Selling Your Accountancy Practice
What your practice is really worth, how the money is actually paid, the tax that applies, and how to prepare in the 12 to 24 months before you exit. A working guide, whether you sell to us or not.
What your practice is worth
UK accountancy practices are valued as a multiple of gross recurring fees (GRF), the predictable, repeating income you earn each year. We anchor at around 0.8x GRF, inside a 0.6 to 1x range, and lead with a deliberately conservative number rather than a flattering one. Where you land depends far more on quality than on size: the same fees can be worth materially more or less.
- Anchor: around 0.8x of your gross recurring fees
- Range: 0.6 to 1x, set by client mix, concentration, systems and owner dependency
- A practice with £240K GRF anchors at roughly £240K x 0.8 = around £192K
- We give you a specific, honest range within 48 hours
We anchor low on purpose. A realistic opening number that holds up beats an optimistic one that gets walked back later.
What could your practice be worth?
The predictable, repeating fee income your practice earns each year, drag to your figure.
- Applied GRF multiple
- 0.80x
- Illustrative BADR tax (18%)
- −£34,560
- Indicative after-tax (midpoint)
- £157,440
After-tax figure assumes the gain sits within the £1,000,000 BADR lifetime limit and qualifies for the relief. Real deals depend on structure, timing and your circumstances.
On quality, you score 2 of 4, on the 0.8x anchor of the range
At £240,000 of recurring fees, we anchor at 0.8x, which is £192,000, inside a conservative 0.6 to 1x band of £144,000 to £240,000. The four quality factors above decide where inside that band a buyer lands. Turning more of them on, before you sell, is what lifts the number.
- A smaller practice is typically paid 50% on completion and 50% after 24 months; a larger one in three equal instalments over 36 months, with the deferred part tied to client retention.
- A typical sale qualifies for Business Asset Disposal Relief on the first £1m of gains.
- 12 to 24 months of preparation is usually enough to move your multiple meaningfully.

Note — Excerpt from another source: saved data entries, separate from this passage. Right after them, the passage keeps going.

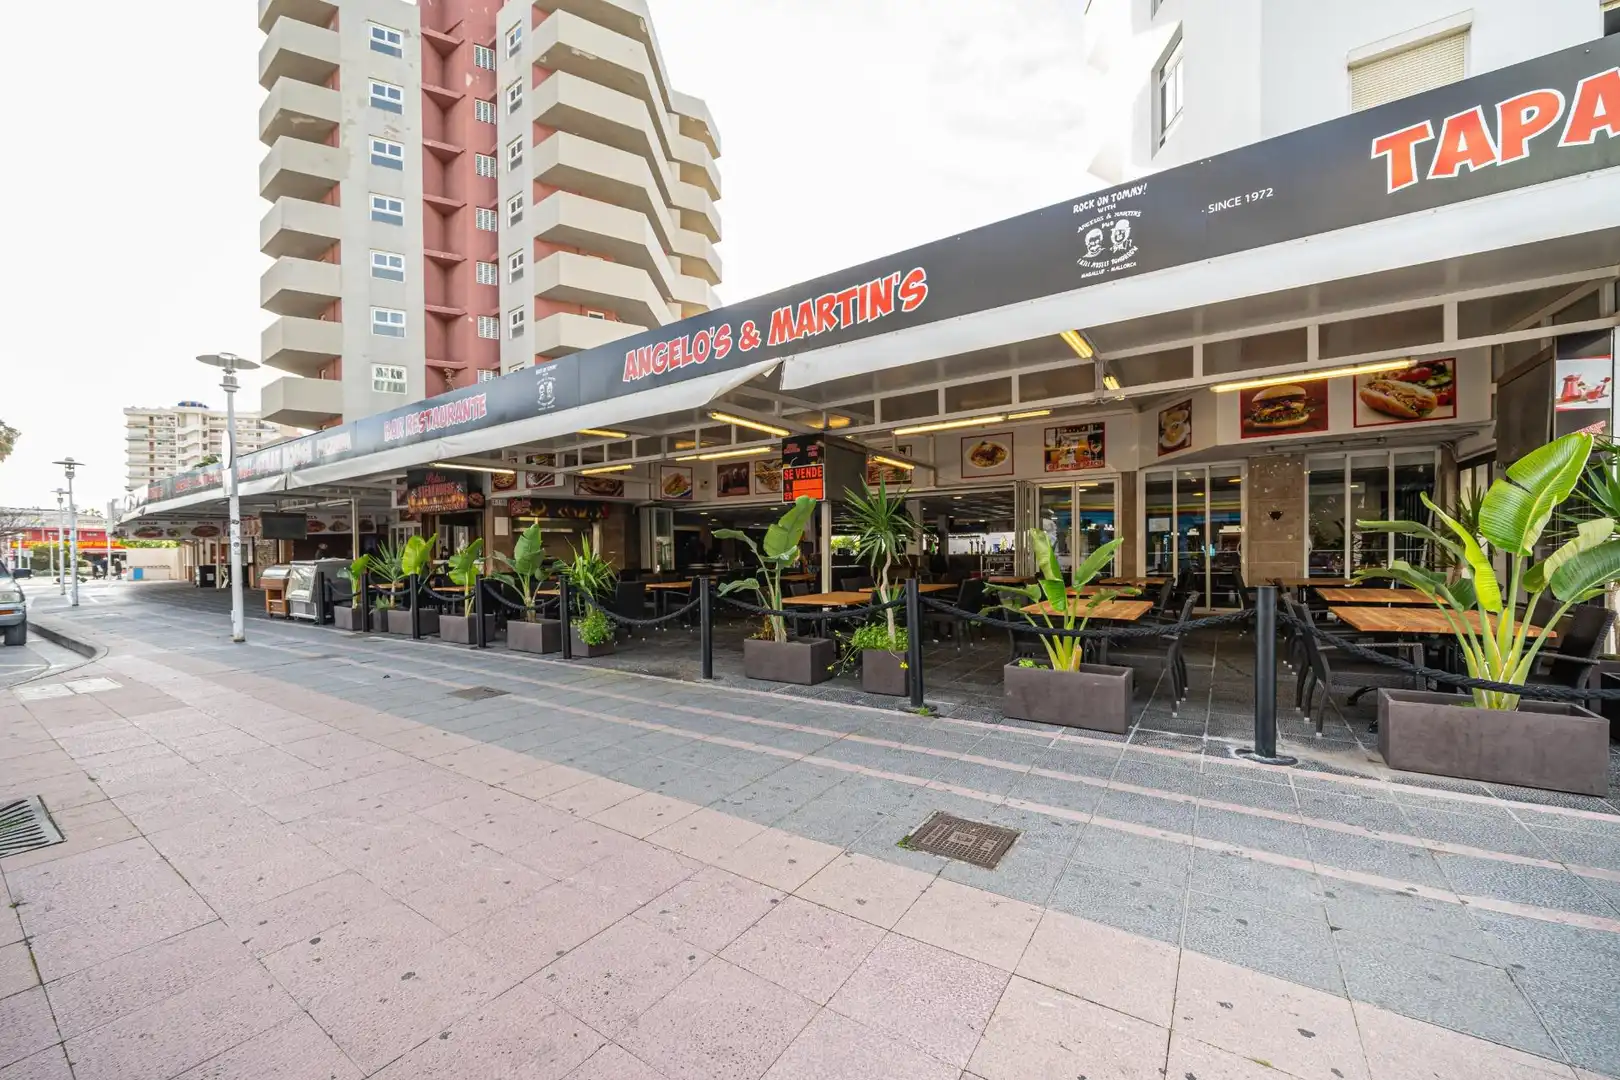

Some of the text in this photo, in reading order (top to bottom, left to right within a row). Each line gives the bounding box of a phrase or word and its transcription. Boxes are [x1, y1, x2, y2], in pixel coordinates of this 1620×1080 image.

[1073, 183, 1148, 214] ROCK ON TOMMY!
[1097, 203, 1116, 213] WITH
[1208, 187, 1274, 214] SINCE 1972
[622, 266, 929, 382] ANGELO'S & MARTIN'S
[384, 392, 488, 442] BAR RESTAURANTE
[783, 466, 822, 481] SE VENDE

How deals are structured, and earnouts
Very few practice sales are paid entirely in cash on day one, and that is normal. The structure depends mainly on the size of the practice, and the deferred portion is tied to client retention so the buyer is protected against fees that leave or turn out to be one-off.

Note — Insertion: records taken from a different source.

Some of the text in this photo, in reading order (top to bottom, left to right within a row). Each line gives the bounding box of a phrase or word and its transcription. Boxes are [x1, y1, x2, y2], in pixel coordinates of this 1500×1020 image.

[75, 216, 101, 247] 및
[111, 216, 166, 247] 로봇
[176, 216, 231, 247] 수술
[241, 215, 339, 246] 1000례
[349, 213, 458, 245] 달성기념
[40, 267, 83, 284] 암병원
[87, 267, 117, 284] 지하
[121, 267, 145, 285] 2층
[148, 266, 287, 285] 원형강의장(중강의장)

- Smaller practice: 50% on completion, 50% after 24 months
- Larger practice: three equal instalments (a third, a third, a third) over 36 months
- The deferred portion is tied to client retention in both cases
- A fair deferral is a sign of a serious buyer, not an aggressive one
Earnout red flags to watch: an open-ended clawback window; retention measured in a way you cannot influence after completion; vague transition obligations; and a metric that depends on the buyer’s own actions. Negotiate the clawback window, the measurement method (client count vs fee value) and unpaid transition time before terms are signed.
The tax on your sale
Get the structure and timing right and the tax on a practice sale is often very efficient. Most sales qualify for Business Asset Disposal Relief (BADR), formerly Entrepreneurs’ Relief, on the first £1m of qualifying lifetime gains. The current BADR rate is in the key figures box above and is pulled live from our rates engine. As a rough rule of thumb, practices above around £300K of recurring fees usually sell as a share sale and smaller practices as an asset sale, though we confirm the right route for your situation.
- BADR applies to qualifying disposals of shares in a trading company or a business sold as a going concern
- Sole practitioners selling a client list as an asset may need specific advice on whether the disposal qualifies
- Above ~£300K recurring fees: usually a share sale; below: usually an asset sale
- Plan the structure before you agree heads of terms, and consider timing across tax years
As qualified accountants (ACMA, CGMA, ACCA, FCCA) at a CIMA-regulated firm, the tax on a practice sale is our home turf. We advise on the most efficient structure and timing as part of the conversation.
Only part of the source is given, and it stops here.